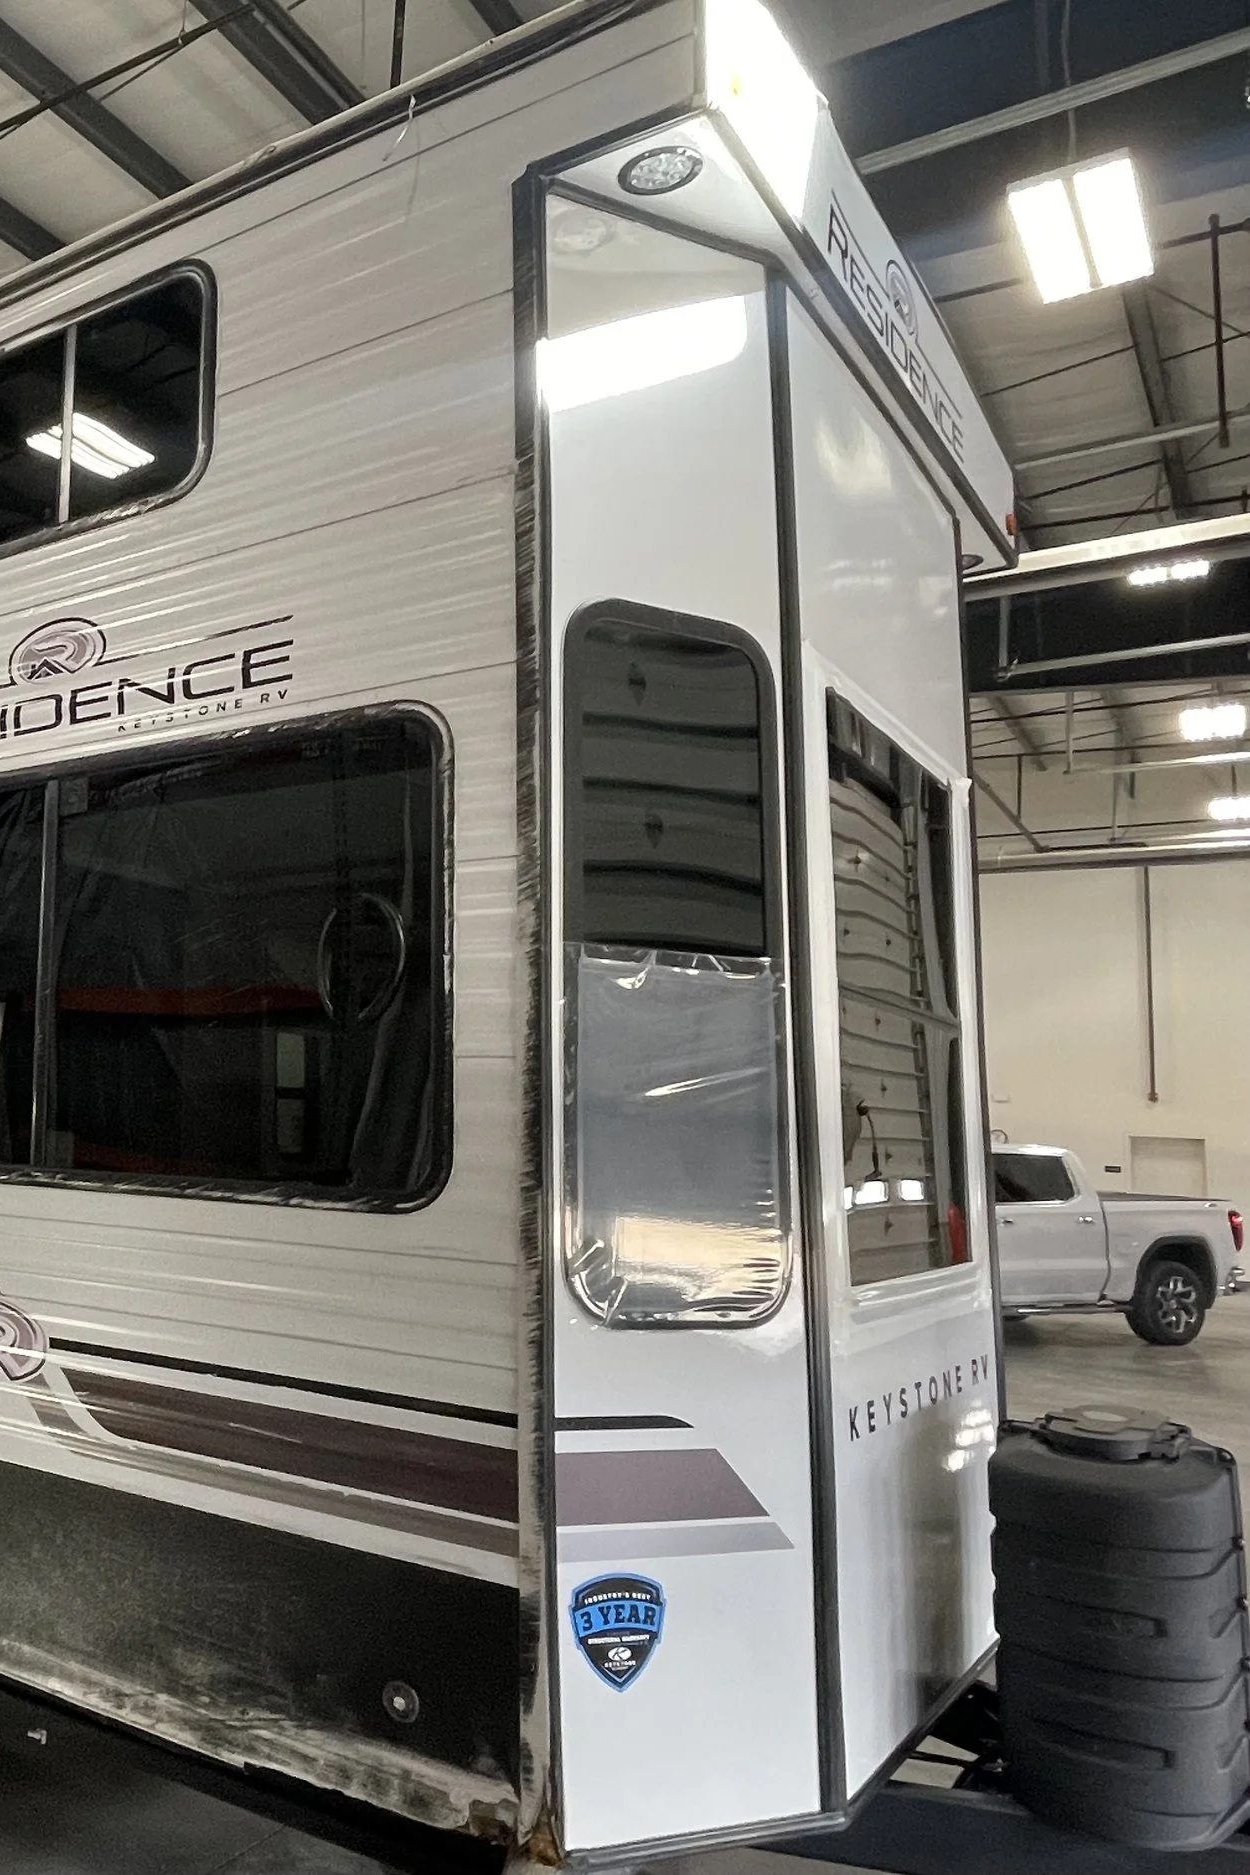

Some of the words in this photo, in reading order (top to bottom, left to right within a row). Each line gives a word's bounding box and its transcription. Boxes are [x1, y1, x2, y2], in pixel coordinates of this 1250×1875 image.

[827, 203, 965, 463] RESIDENCE
[260, 689, 288, 704] RV
[848, 1364, 962, 1441] KEYSTONE
[971, 1354, 988, 1385] RV
[580, 1611, 593, 1631] 3
[598, 1603, 656, 1626] YEAR
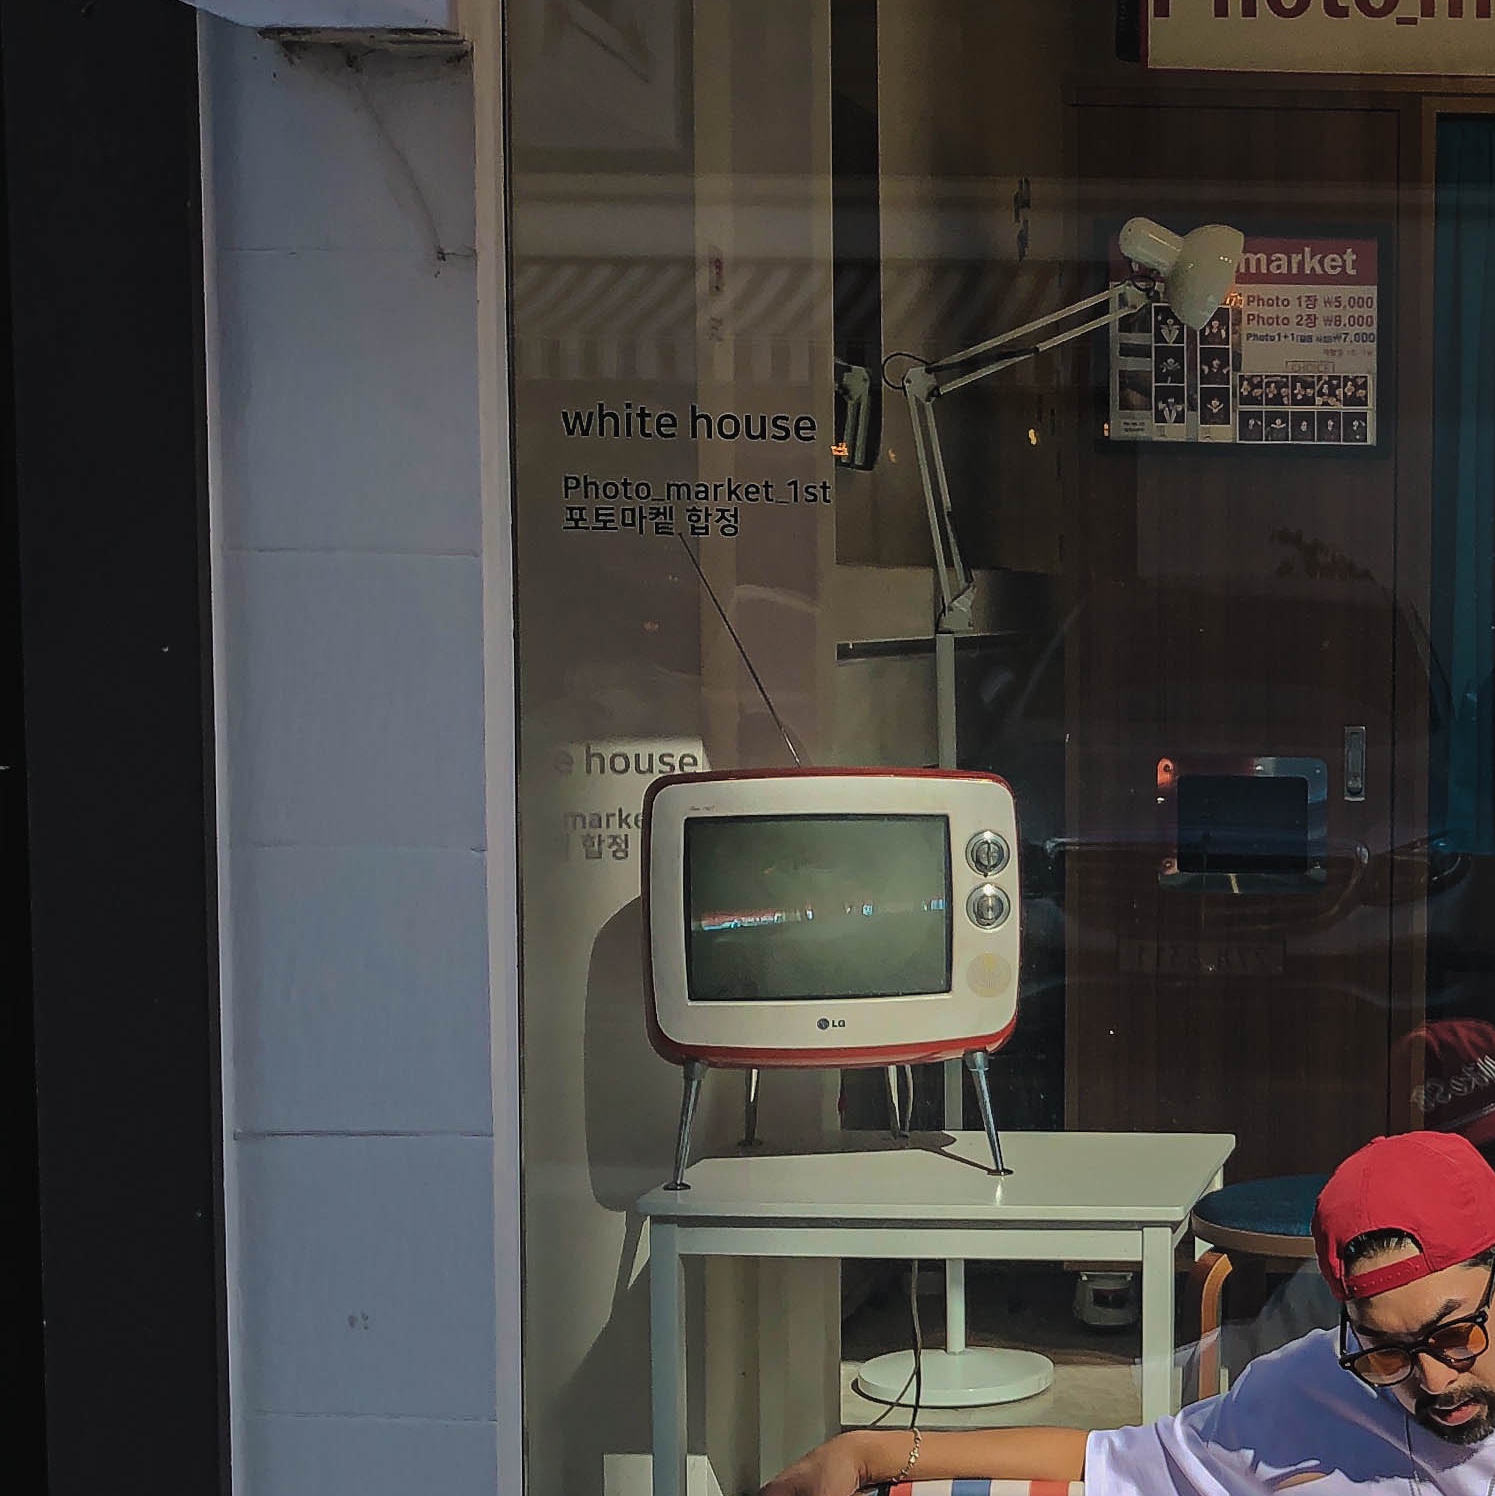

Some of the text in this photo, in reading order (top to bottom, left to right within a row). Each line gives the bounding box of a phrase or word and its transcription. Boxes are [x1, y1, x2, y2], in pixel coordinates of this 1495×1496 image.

[1246, 295, 1290, 308] Photo
[1296, 295, 1318, 310] 1장
[1246, 313, 1290, 326] Photo
[1295, 313, 1318, 328] 2장
[561, 402, 818, 442] white house
[562, 475, 832, 505] Photo_market_1st
[562, 506, 740, 537] 포토마켙 합정
[585, 743, 698, 775] house
[831, 1019, 846, 1028] LG

===

* _Aim of the task_
Print the listing exactly, images excluded.

* _Task output_
Some of the words in this photo, in reading order (top to bottom, left to right within a row). Each line gives a word's bounding box and its transcription. Boxes are [x1, y1, x2, y2], in pixel coordinates of this 1250×1875 image.

[827, 203, 965, 463] RESIDENCE
[260, 689, 288, 704] RV
[848, 1364, 962, 1441] KEYSTONE
[971, 1354, 988, 1385] RV
[580, 1611, 593, 1631] 3
[598, 1603, 656, 1626] YEAR

Some of the text in this photo, in reading order (top to bottom, left to right within a row). Each line gives the bounding box of a phrase or word and its transcription. Boxes are [x1, y1, x2, y2], in pixel coordinates of this 1495×1496 image.

[1246, 295, 1290, 308] Photo
[1296, 295, 1318, 310] 1장
[1246, 313, 1290, 326] Photo
[1295, 313, 1318, 328] 2장
[561, 402, 818, 442] white house
[562, 475, 832, 505] Photo_market_1st
[562, 506, 740, 537] 포토마켙 합정
[585, 743, 698, 775] house
[831, 1019, 846, 1028] LG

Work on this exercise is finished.